Evaluation of the role of P2X7 receptor for pulmonary macrophage activation and cell death during aggressive forms of Tuberculosis.

Abstract

Tuberculosis remains an emergent problem of public health. Over the years, the mycobacteria have acquired mutations able to modify their virulence and/or resistance to chemotherapy. In previous studies, we published that in contrast to the most common laboratory Mycobacterium tuberculosis (Mtb) complex isolates, hypervirulent isolates display a unique ability to modulate the immune response in murine experimental models. In particular, we showed that the purinergic receptor P2X7, which recognizes extracellular ATP released during necrotic cell death, is crucial for the fatal outcome of the disease only in response to hypervirulent Mtb infection.

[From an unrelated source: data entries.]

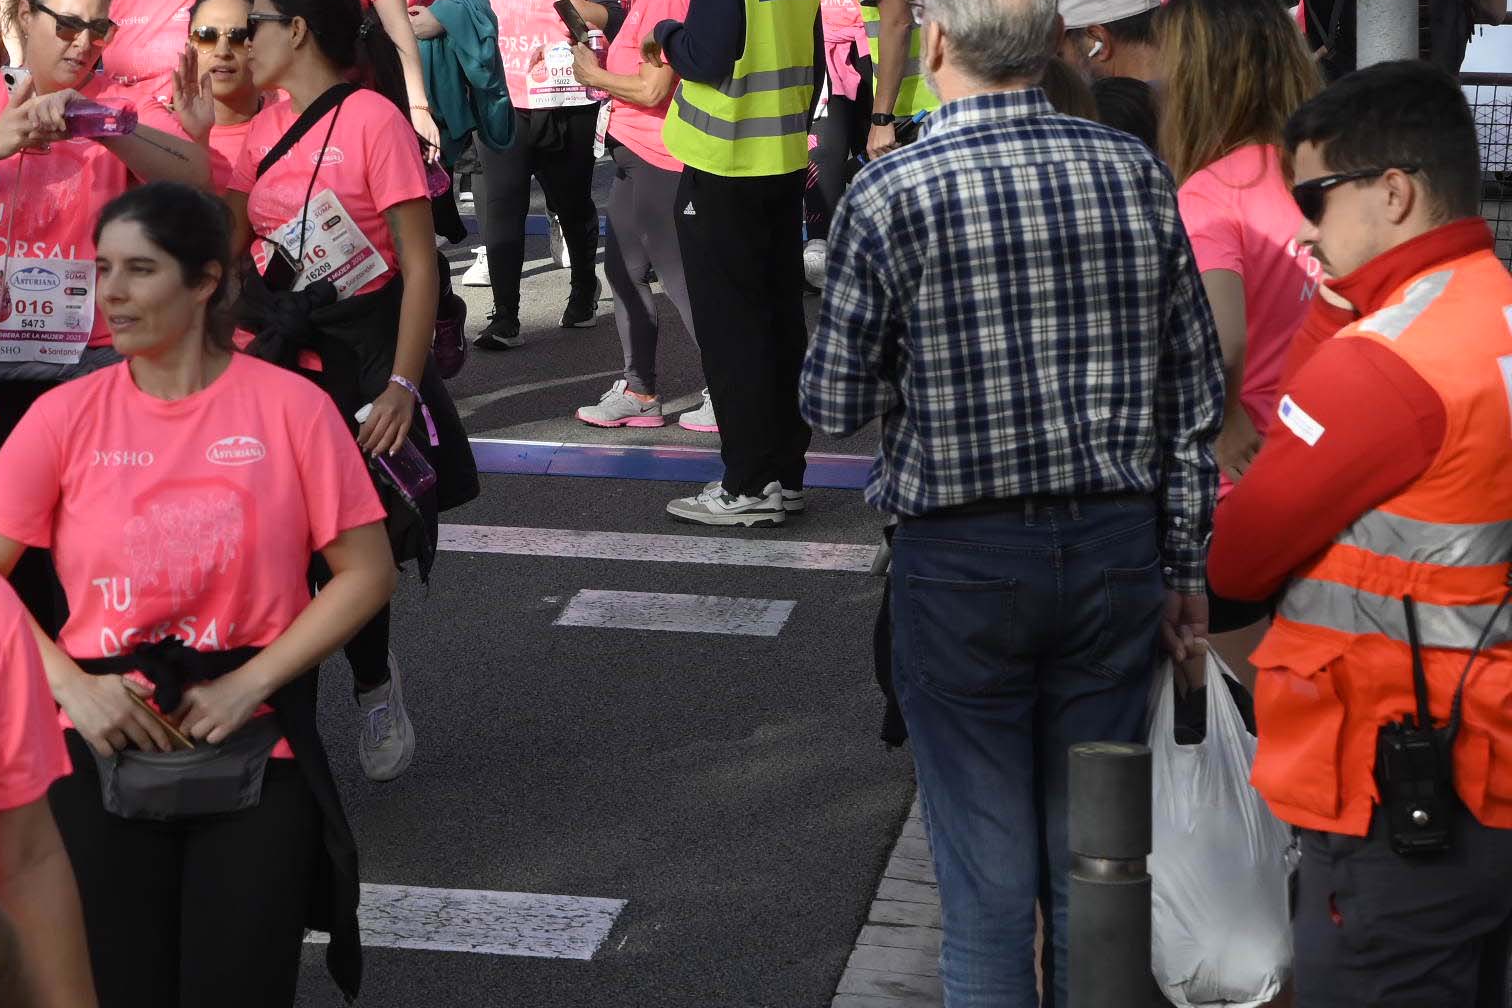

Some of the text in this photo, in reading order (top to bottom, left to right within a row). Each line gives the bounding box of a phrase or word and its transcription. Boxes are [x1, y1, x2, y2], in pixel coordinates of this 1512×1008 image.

[551, 67, 573, 77] 016
[303, 244, 328, 266] 16
[64, 272, 88, 281] SUMA
[304, 261, 333, 283] 16209
[14, 276, 58, 287] ASTURIANA
[15, 299, 54, 315] 016
[21, 318, 46, 329] 5473
[41, 333, 65, 341] MUJER
[209, 446, 263, 460] ASTURIANA
[91, 576, 133, 613] TU
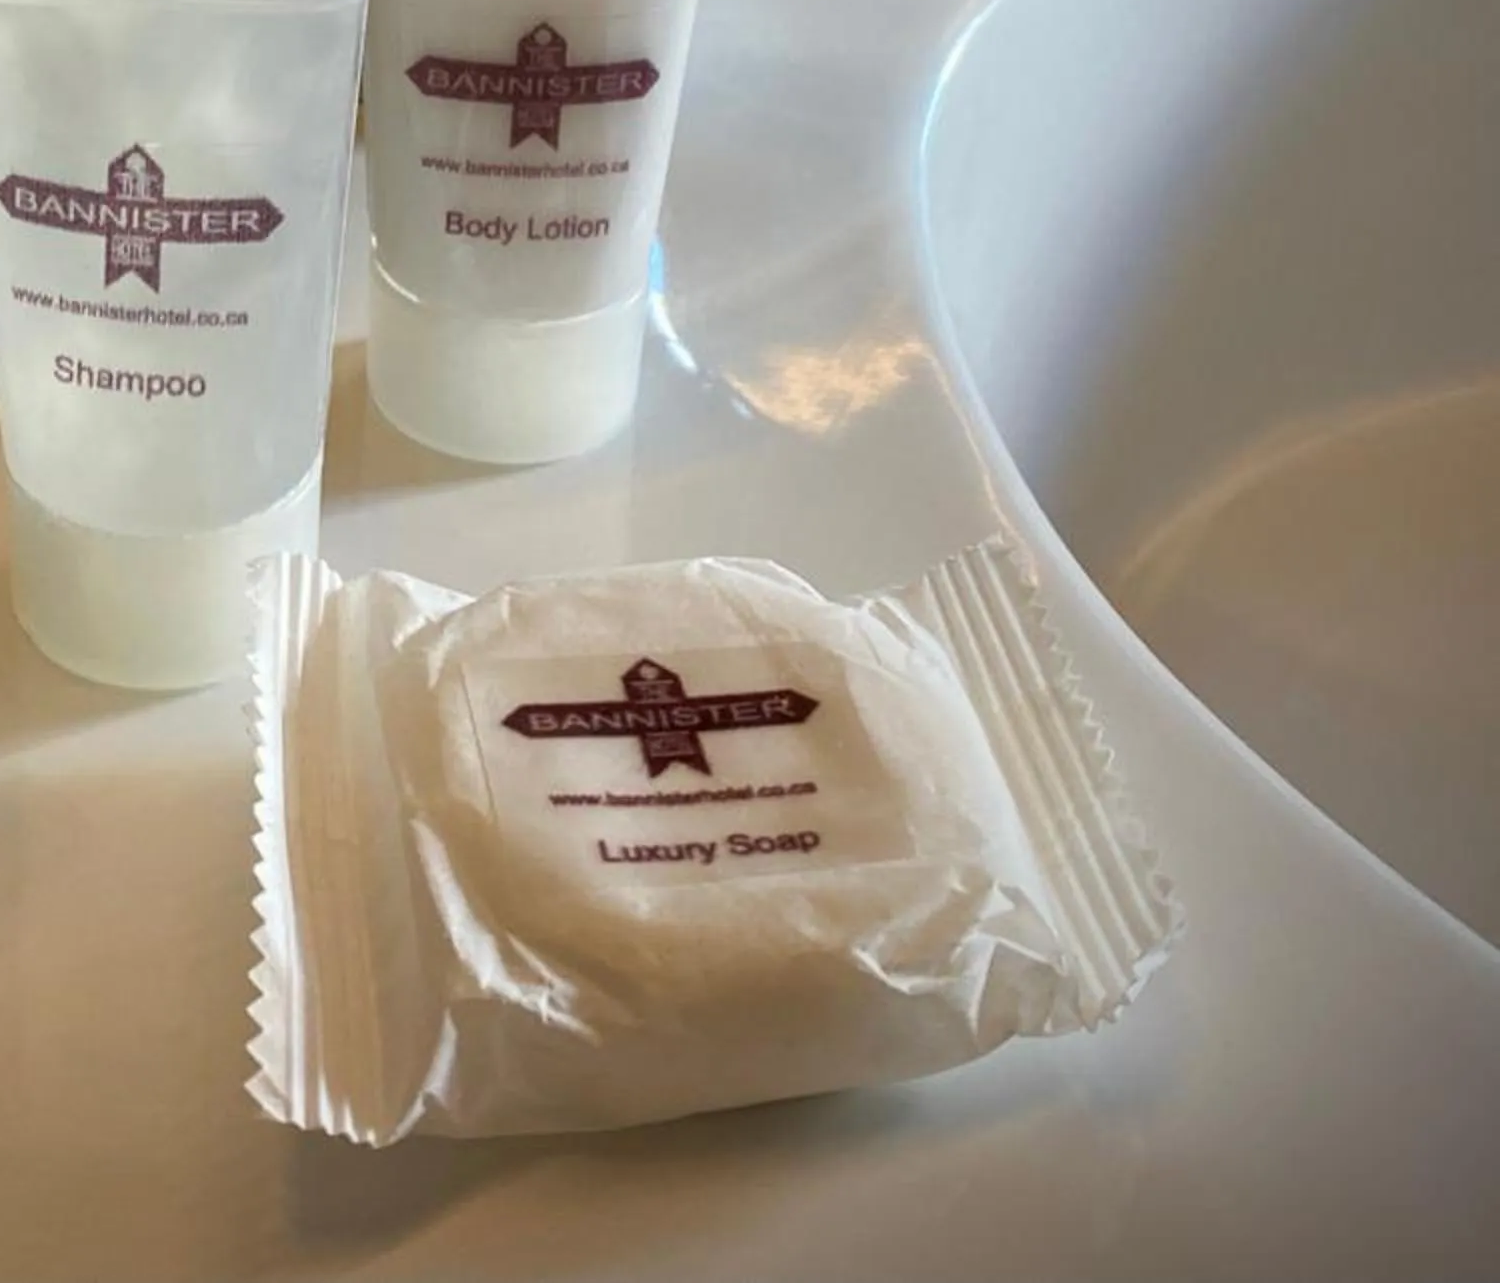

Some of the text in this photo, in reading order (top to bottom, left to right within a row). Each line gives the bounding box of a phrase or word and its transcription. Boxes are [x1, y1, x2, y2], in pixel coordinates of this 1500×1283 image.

However, the exact mechanism in which P2X7R-mediated necrosis macrophage death is induced in the lung during severe TB is still unclear. Thus, we here propose to investigate in more details the role of P2X7R in the activation and cell death modulation of the pulmonary macrophages during infection by hypervirulent mycobacteria. For that, we here propose to perform of series of Mtb infection experiments involving mice deficient in P2X7R, required for necrosis modulation, as well as, treating infected animals with drugs known to inhibit purinergic signaling in vivo. The present work will improve the understanding about the cellular and molecular mechanisms underlying the pulmonary necrosis during disease induced by hypervirulent mycobacteria and may open new perspectives to develop adjunctive therapeutic approaches to subvert necrotic cell death, thereby preventing the fatal outcome of aggressive TB.